(EXTRACTED MATERIAL begins)

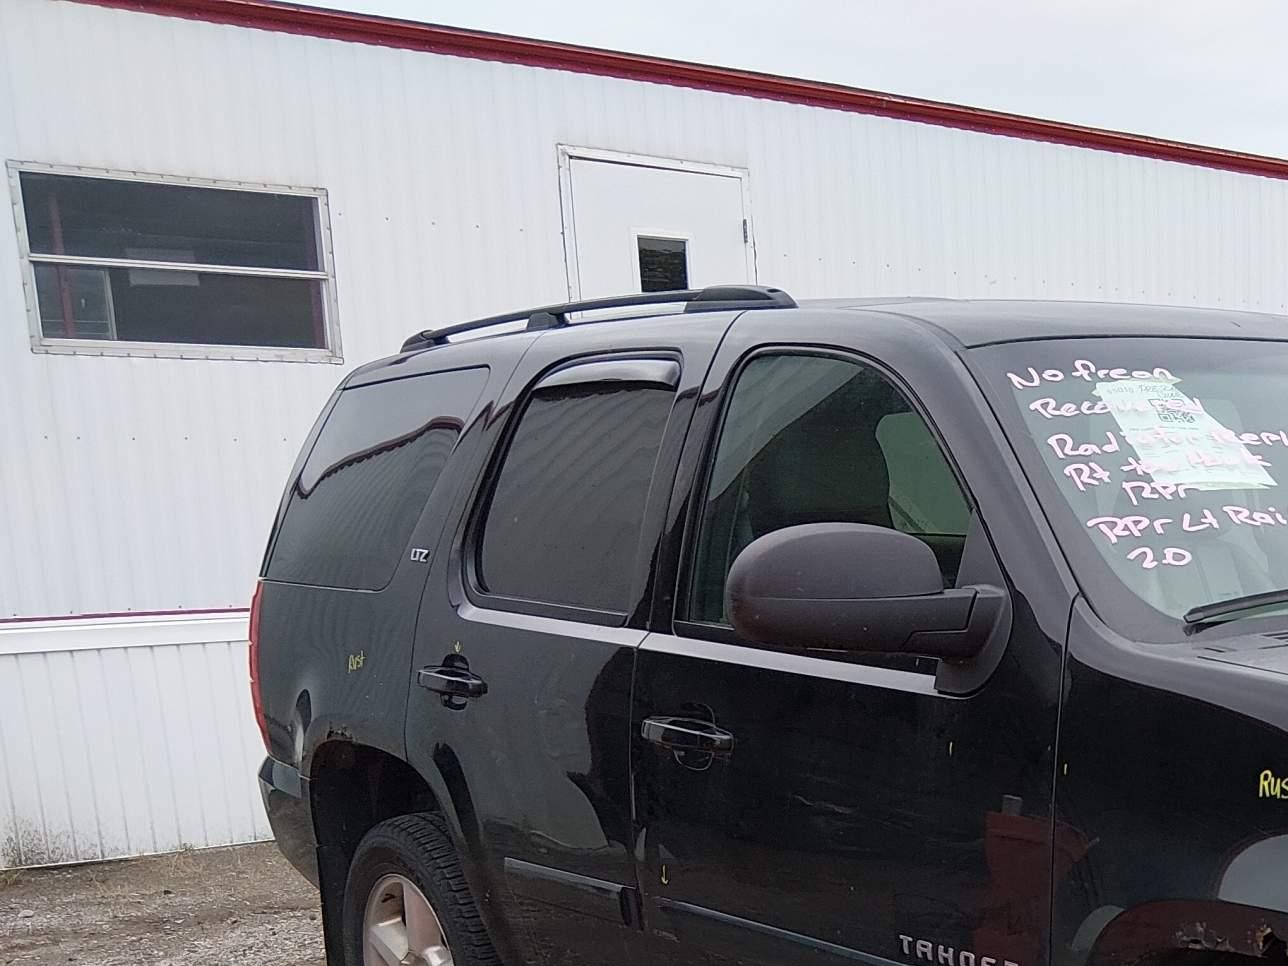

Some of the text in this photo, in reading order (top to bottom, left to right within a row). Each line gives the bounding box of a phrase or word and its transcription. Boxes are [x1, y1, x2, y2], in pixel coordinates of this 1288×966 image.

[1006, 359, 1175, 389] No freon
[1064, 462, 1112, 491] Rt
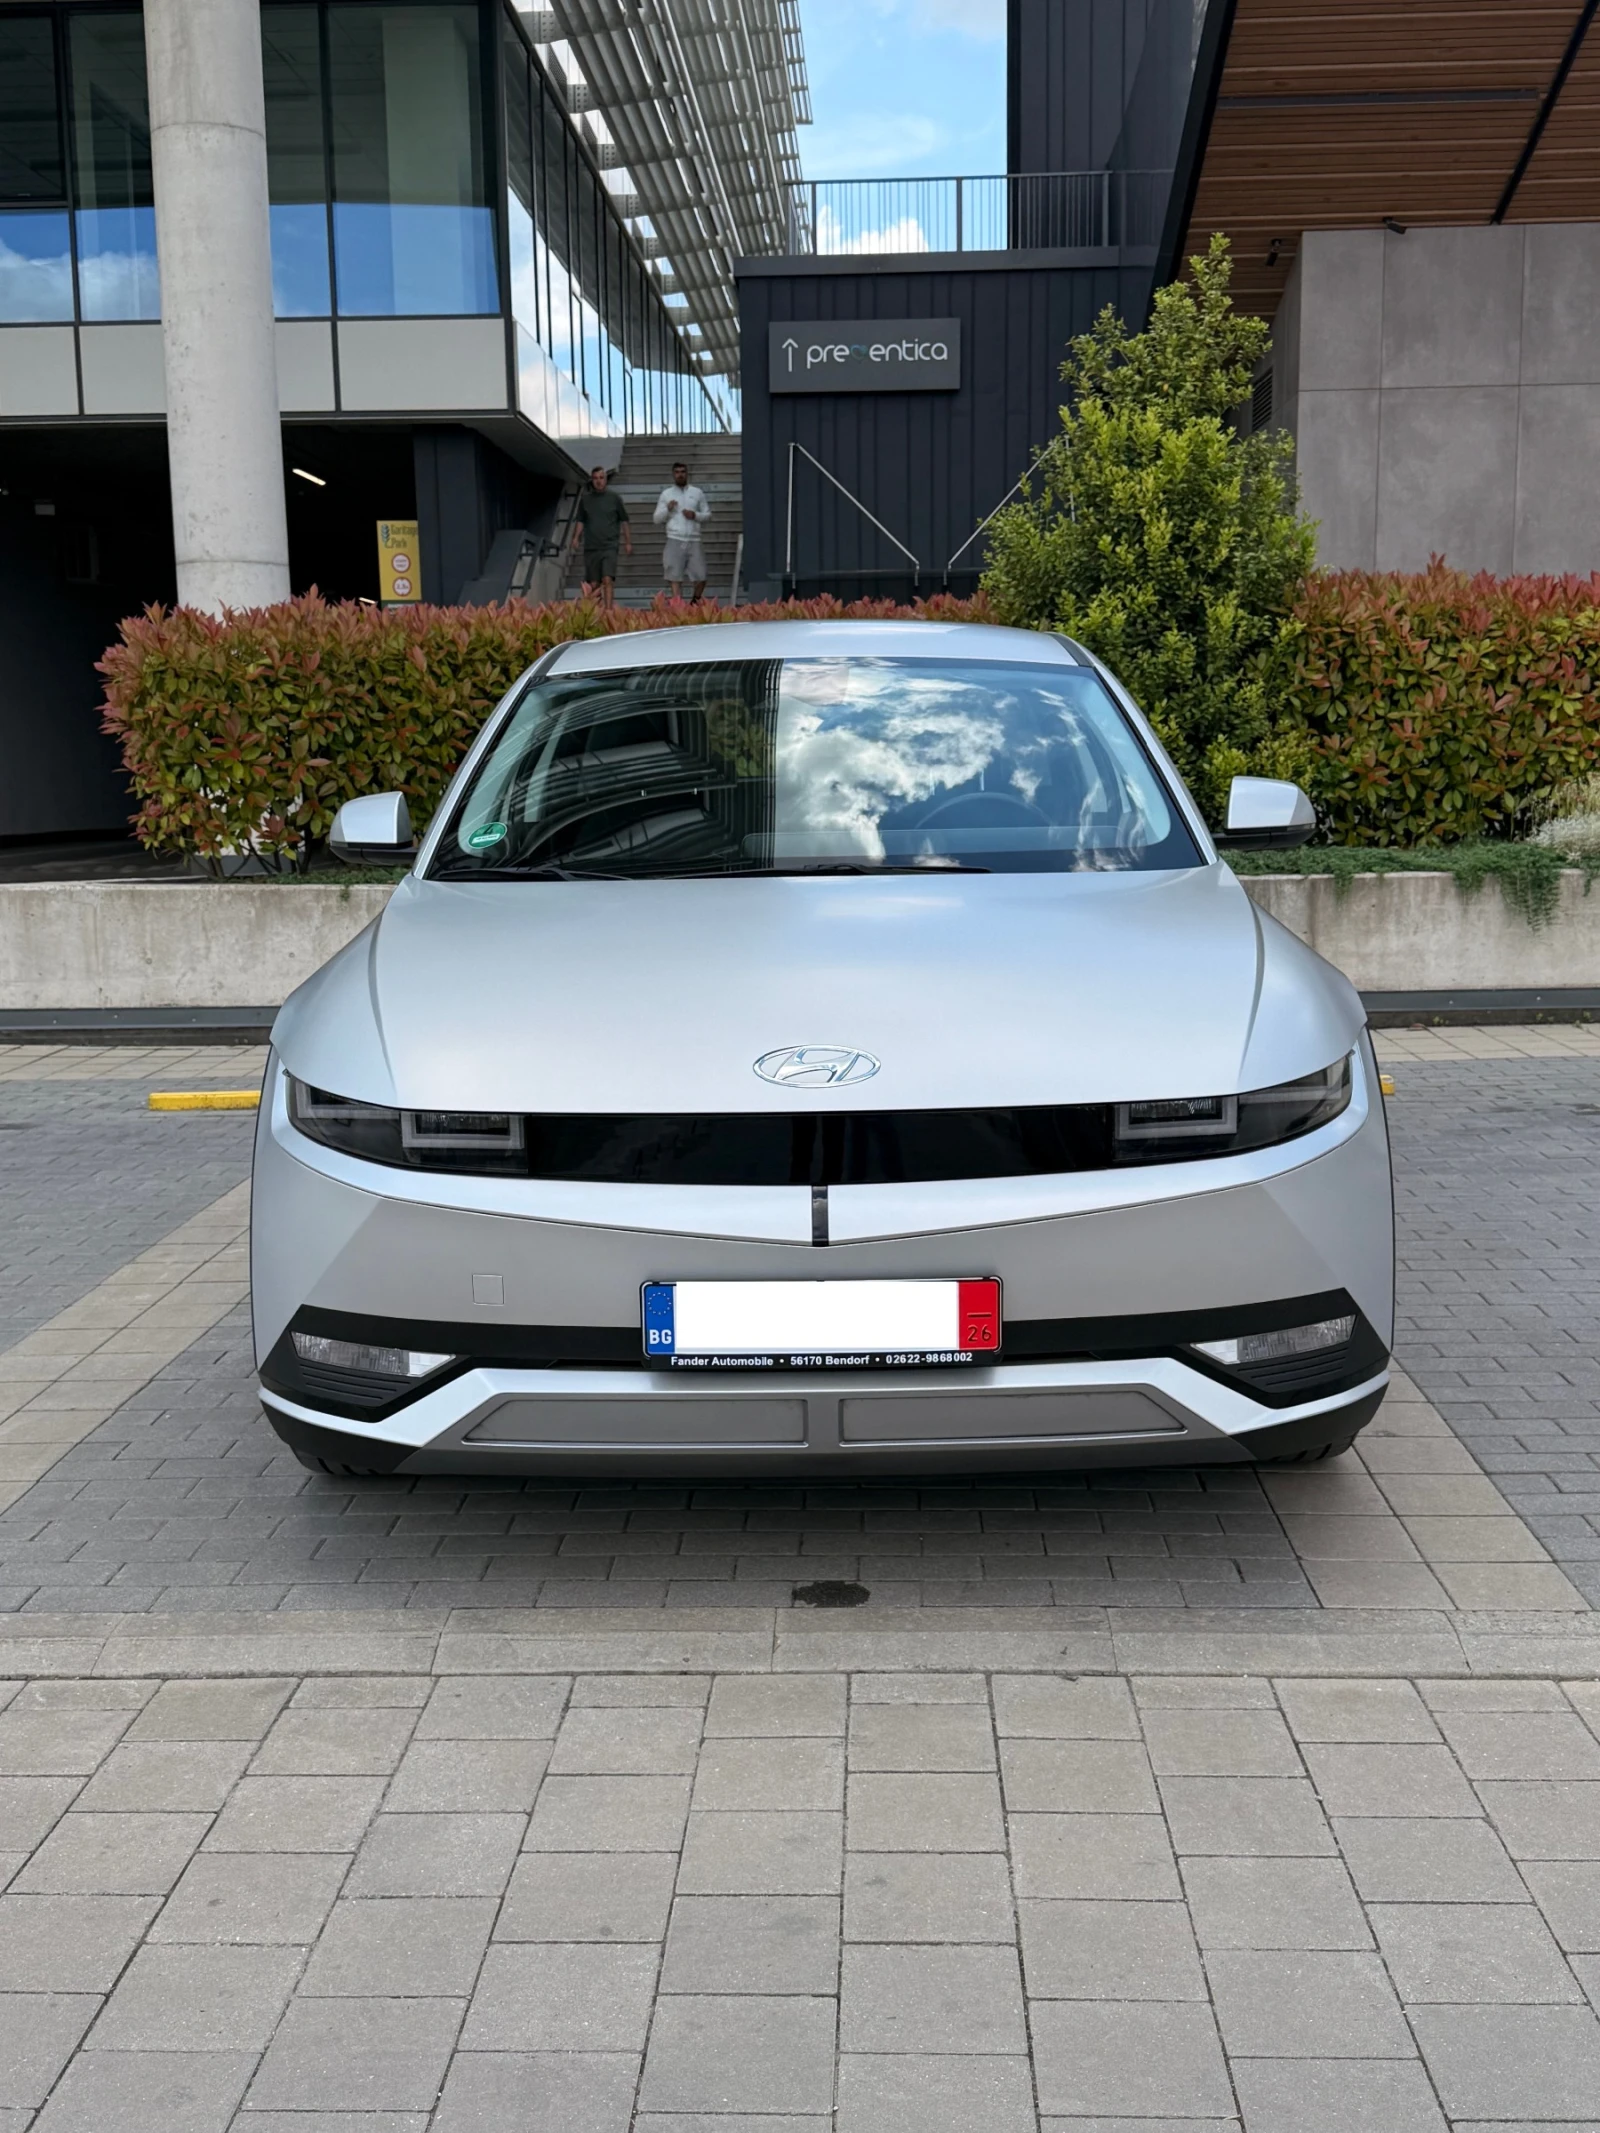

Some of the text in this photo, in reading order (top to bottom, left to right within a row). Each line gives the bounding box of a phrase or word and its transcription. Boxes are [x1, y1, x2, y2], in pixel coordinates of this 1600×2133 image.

(EXTRACTED MATERIAL ends)
(EXTRACTED MATERIAL begins)

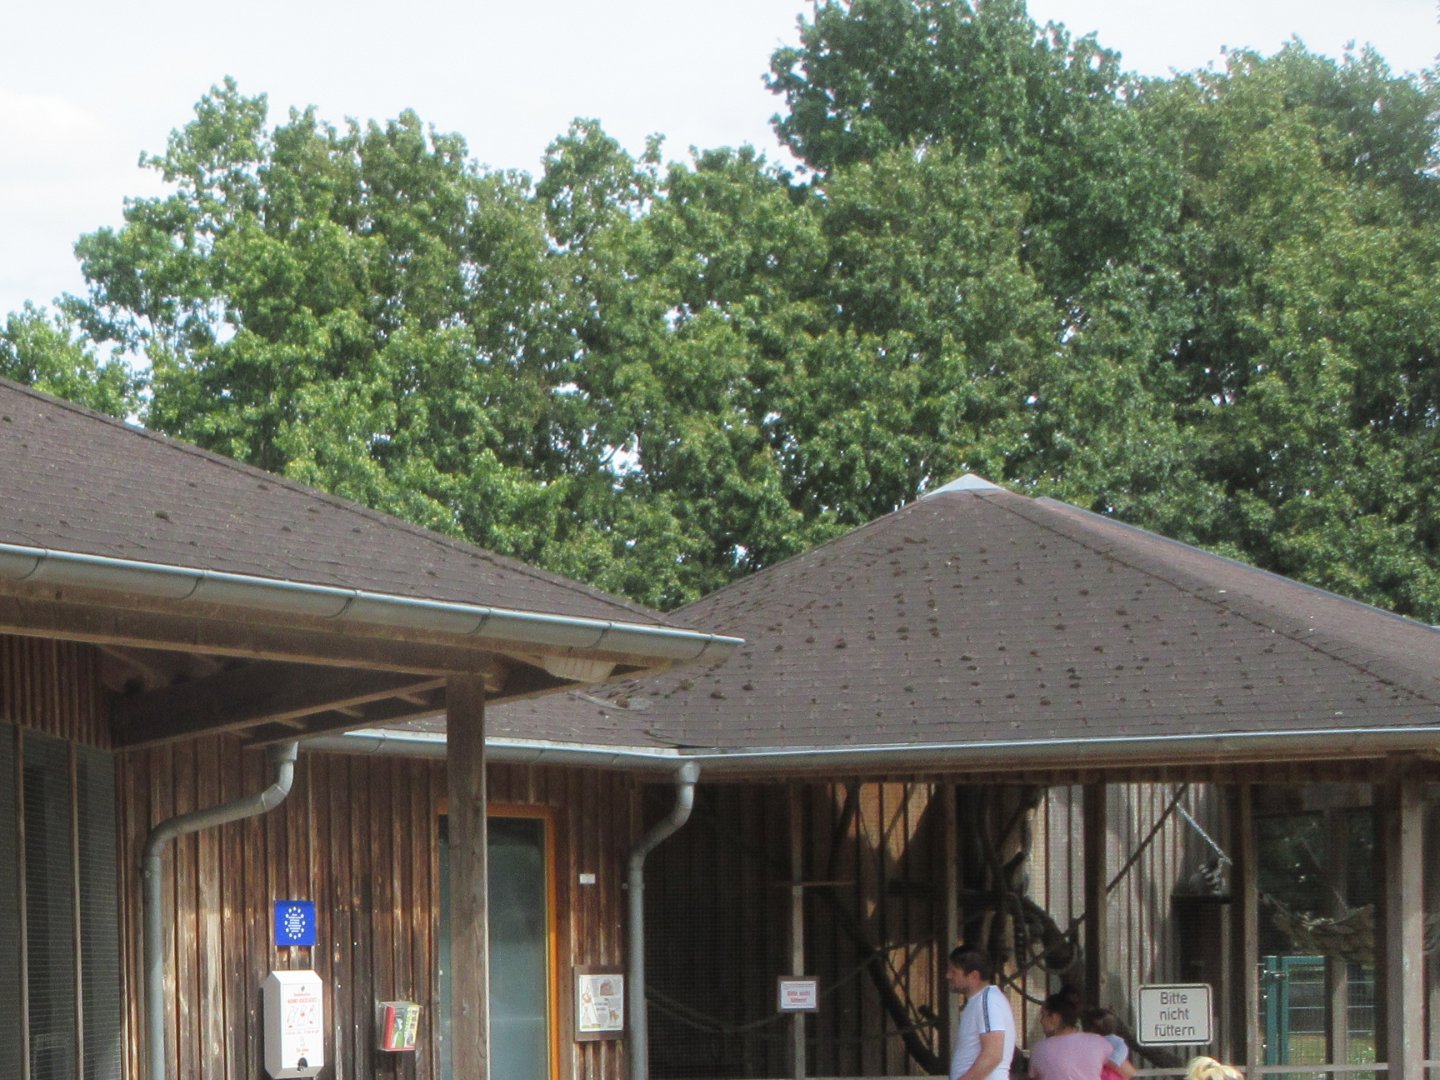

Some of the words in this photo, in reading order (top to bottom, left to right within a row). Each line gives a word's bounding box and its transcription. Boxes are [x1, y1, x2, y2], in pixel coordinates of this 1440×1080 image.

(EXTRACTED MATERIAL ends)

PROBLEM TO WORK ON — Leaving all pictures out, output exactly the lines of the material above from the line with "this 1288×966 image." to the line with "this 1600×2133 image.", both included.

EXERCISE SOLUTION —
Some of the text in this photo, in reading order (top to bottom, left to right within a row). Each line gives the bounding box of a phrase or word and its transcription. Boxes are [x1, y1, x2, y2], in pixel coordinates of this 1288×966 image.

[1006, 359, 1175, 389] No freon
[1064, 462, 1112, 491] Rt

Some of the text in this photo, in reading order (top to bottom, left to right within a row). Each line gives the bounding box of a phrase or word and its transcription. Boxes are [x1, y1, x2, y2], in pixel coordinates of this 1600×2133 image.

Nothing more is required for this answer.